Interesting SEO advice for HTML5 web developers – advice from John Mu of Google in Google webmaster forum:
In general, our crawlers are used to not being able to parse all HTML markup – be it from broken HTML, embedded XML content or from the new HTML5 tags. Our general strategy is to wait to see how content is marked up on the web in practice and to adapt to that. If we find that more and more content uses HTML5 markup, that this markup can give us additional information, and that it doesn’t cause problems if webmasters incorrectly use it (which is always a problem in the beginning), then over time we’ll attempt to work that into our algorithms. With that in mind, I definitely wouldn’t want to stand in the way of your implementing parts of your site with HTML5, but I also wouldn’t expect to see special treatment of your content due to the HTML5 markup at the moment. HTML5 is still very much a work in progress, so it’s great to see bleeding-edge sites making use of the new possibilities :)
In general, we work hard to understand as much of the web as possible, but I have a feeling that HTML5 markup is not yet as widely in use (and in use correctly) that it would make sense for us to use it as a means of understanding content better. As HTML5 gains in popularity and as we recognize specific markup elements that provide value to our indexing system, this is likely to change, but at the moment I would not assume that you would have an advantage by using HTML5 instead of older variants.Returning different content to search engine crawlers as you would to similar users would be considered cloaking and against our Webmaster Guidelines. I would not recommend treating search engine crawlers different than you would similar users.

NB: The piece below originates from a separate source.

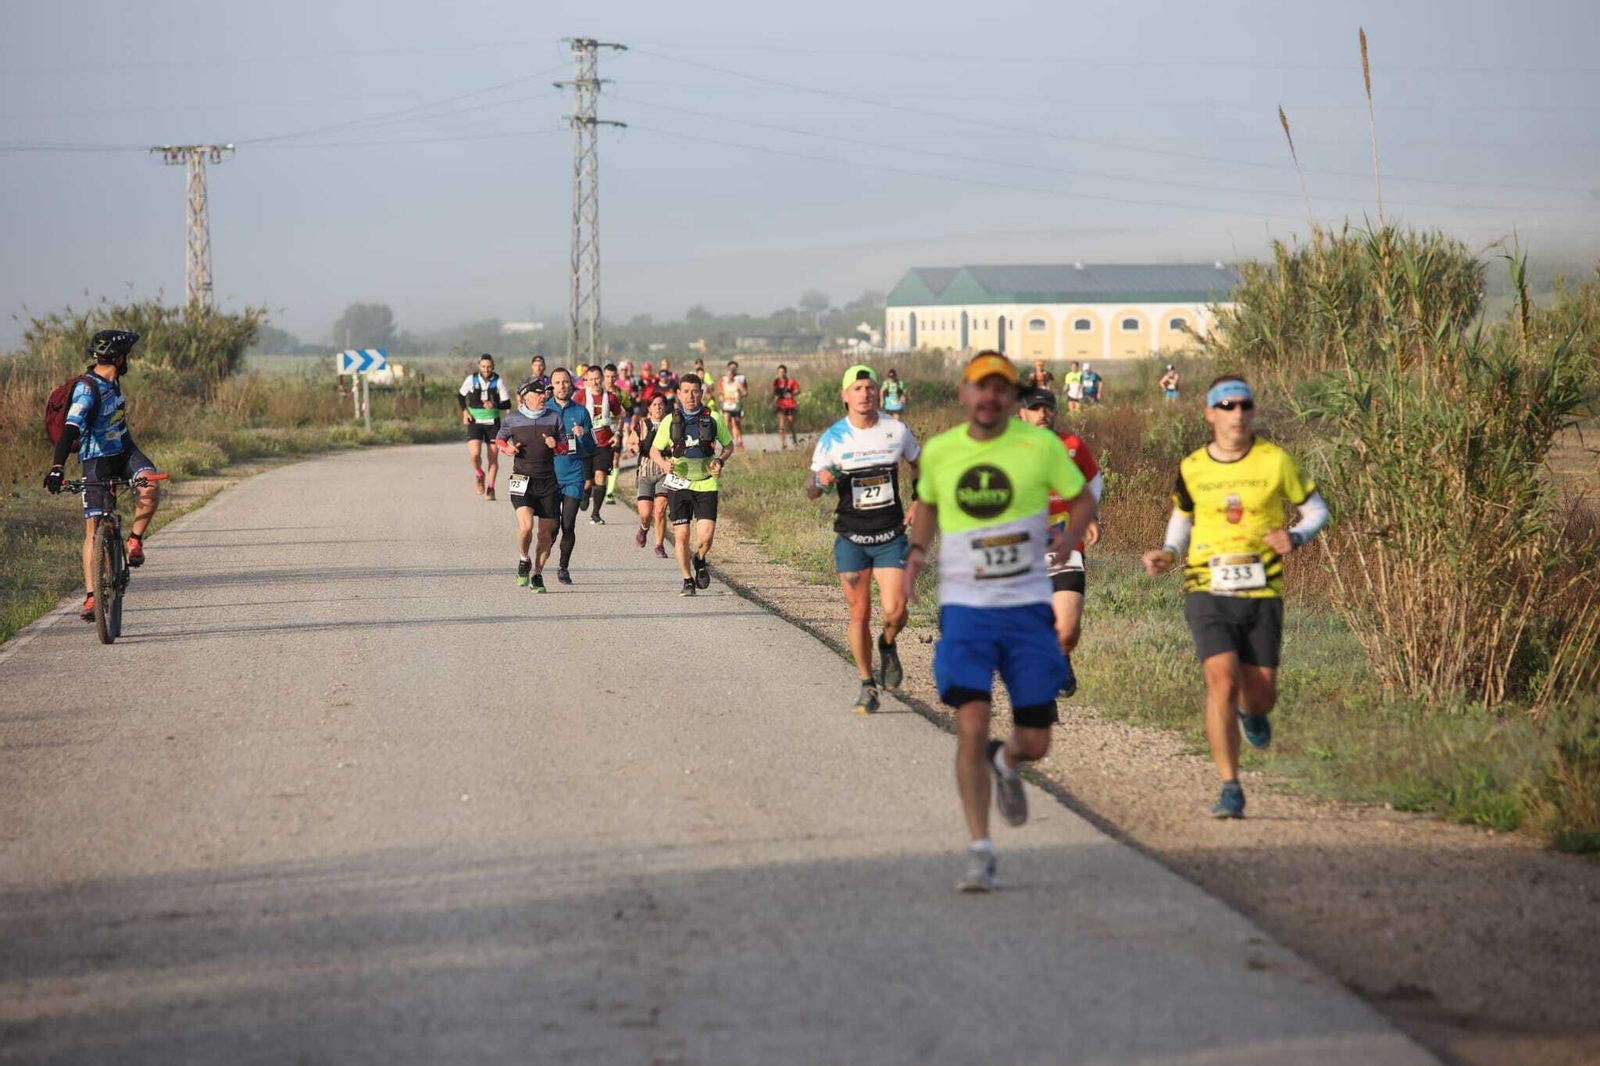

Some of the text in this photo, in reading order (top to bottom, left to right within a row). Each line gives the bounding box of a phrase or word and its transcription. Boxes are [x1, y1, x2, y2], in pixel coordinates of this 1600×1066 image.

Personally, I would recommend using HTML5 where you think that it already makes sense, perhaps reverting to HTML4 if you can determine that the browser won’t support the elements of HTML5 that you use properly. While this will not result in an advantage for your content in our search results, it generally wouldn’t be disadvantageous either.
As I always expected. Designing your website in HTML5 at this time will not give your site a boost in Google rankings, simply because it’s not widely adopted yet (in a relative sense). I certainly stick with HTML4/XHTML for SEO projects at the moment, but I am toying with the idea of making the Hobo site entirely in HTML5. *Good stuff via SER.